→ PROBLEM REQUIREMENTS
All lines from the one containing "this 960×1280 image." down to the final line of the entries below: return them exactly.

_ _ _

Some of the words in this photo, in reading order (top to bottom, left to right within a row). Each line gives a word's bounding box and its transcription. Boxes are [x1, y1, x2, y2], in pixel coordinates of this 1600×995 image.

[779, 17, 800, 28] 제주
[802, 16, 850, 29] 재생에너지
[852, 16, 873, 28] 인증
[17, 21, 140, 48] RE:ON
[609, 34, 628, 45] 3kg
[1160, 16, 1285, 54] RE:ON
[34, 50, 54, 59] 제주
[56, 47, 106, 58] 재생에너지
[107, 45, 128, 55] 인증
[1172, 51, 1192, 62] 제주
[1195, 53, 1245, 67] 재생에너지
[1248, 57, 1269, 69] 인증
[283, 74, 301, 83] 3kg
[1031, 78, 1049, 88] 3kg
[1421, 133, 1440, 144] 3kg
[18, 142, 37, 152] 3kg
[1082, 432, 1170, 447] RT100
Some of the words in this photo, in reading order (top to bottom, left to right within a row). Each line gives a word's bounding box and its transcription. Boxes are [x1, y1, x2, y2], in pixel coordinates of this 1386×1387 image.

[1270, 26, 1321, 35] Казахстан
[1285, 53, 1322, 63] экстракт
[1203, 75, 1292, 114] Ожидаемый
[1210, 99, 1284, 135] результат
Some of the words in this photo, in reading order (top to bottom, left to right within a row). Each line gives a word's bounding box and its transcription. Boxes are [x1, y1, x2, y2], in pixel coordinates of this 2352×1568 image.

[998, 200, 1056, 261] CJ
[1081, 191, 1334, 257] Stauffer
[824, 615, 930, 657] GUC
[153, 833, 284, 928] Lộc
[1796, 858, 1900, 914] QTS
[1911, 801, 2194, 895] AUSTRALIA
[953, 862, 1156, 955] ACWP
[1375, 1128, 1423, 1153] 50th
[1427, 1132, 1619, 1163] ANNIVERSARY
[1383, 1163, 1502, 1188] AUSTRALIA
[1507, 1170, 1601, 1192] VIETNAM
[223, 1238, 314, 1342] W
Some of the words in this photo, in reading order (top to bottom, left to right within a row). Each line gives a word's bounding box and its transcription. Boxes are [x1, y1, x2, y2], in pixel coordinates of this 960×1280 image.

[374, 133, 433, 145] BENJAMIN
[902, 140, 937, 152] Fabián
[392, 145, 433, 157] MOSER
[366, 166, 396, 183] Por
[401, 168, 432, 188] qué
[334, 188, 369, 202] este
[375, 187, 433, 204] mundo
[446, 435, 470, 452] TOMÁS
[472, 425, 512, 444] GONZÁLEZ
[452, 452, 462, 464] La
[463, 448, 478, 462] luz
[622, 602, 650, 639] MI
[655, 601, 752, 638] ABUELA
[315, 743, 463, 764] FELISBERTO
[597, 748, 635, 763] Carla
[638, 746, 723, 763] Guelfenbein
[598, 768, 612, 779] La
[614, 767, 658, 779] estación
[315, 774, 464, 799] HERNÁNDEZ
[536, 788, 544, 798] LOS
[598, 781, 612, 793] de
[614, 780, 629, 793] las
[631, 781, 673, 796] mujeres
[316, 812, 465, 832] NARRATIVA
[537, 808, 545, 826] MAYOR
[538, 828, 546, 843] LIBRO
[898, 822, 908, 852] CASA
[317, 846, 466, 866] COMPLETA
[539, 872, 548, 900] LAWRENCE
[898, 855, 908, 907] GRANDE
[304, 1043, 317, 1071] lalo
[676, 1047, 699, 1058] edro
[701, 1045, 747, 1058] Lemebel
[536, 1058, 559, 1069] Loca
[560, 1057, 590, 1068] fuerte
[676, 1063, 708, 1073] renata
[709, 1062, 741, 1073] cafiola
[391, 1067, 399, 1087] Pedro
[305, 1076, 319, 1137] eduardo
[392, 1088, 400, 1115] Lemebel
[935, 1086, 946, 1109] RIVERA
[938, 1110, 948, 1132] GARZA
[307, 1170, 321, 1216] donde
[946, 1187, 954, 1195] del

_ _ _

→ ANSWER FOR THE TASK
Some of the words in this photo, in reading order (top to bottom, left to right within a row). Each line gives a word's bounding box and its transcription. Boxes are [x1, y1, x2, y2], in pixel coordinates of this 960×1280 image.

[374, 133, 433, 145] BENJAMIN
[902, 140, 937, 152] Fabián
[392, 145, 433, 157] MOSER
[366, 166, 396, 183] Por
[401, 168, 432, 188] qué
[334, 188, 369, 202] este
[375, 187, 433, 204] mundo
[446, 435, 470, 452] TOMÁS
[472, 425, 512, 444] GONZÁLEZ
[452, 452, 462, 464] La
[463, 448, 478, 462] luz
[622, 602, 650, 639] MI
[655, 601, 752, 638] ABUELA
[315, 743, 463, 764] FELISBERTO
[597, 748, 635, 763] Carla
[638, 746, 723, 763] Guelfenbein
[598, 768, 612, 779] La
[614, 767, 658, 779] estación
[315, 774, 464, 799] HERNÁNDEZ
[536, 788, 544, 798] LOS
[598, 781, 612, 793] de
[614, 780, 629, 793] las
[631, 781, 673, 796] mujeres
[316, 812, 465, 832] NARRATIVA
[537, 808, 545, 826] MAYOR
[538, 828, 546, 843] LIBRO
[898, 822, 908, 852] CASA
[317, 846, 466, 866] COMPLETA
[539, 872, 548, 900] LAWRENCE
[898, 855, 908, 907] GRANDE
[304, 1043, 317, 1071] lalo
[676, 1047, 699, 1058] edro
[701, 1045, 747, 1058] Lemebel
[536, 1058, 559, 1069] Loca
[560, 1057, 590, 1068] fuerte
[676, 1063, 708, 1073] renata
[709, 1062, 741, 1073] cafiola
[391, 1067, 399, 1087] Pedro
[305, 1076, 319, 1137] eduardo
[392, 1088, 400, 1115] Lemebel
[935, 1086, 946, 1109] RIVERA
[938, 1110, 948, 1132] GARZA
[307, 1170, 321, 1216] donde
[946, 1187, 954, 1195] del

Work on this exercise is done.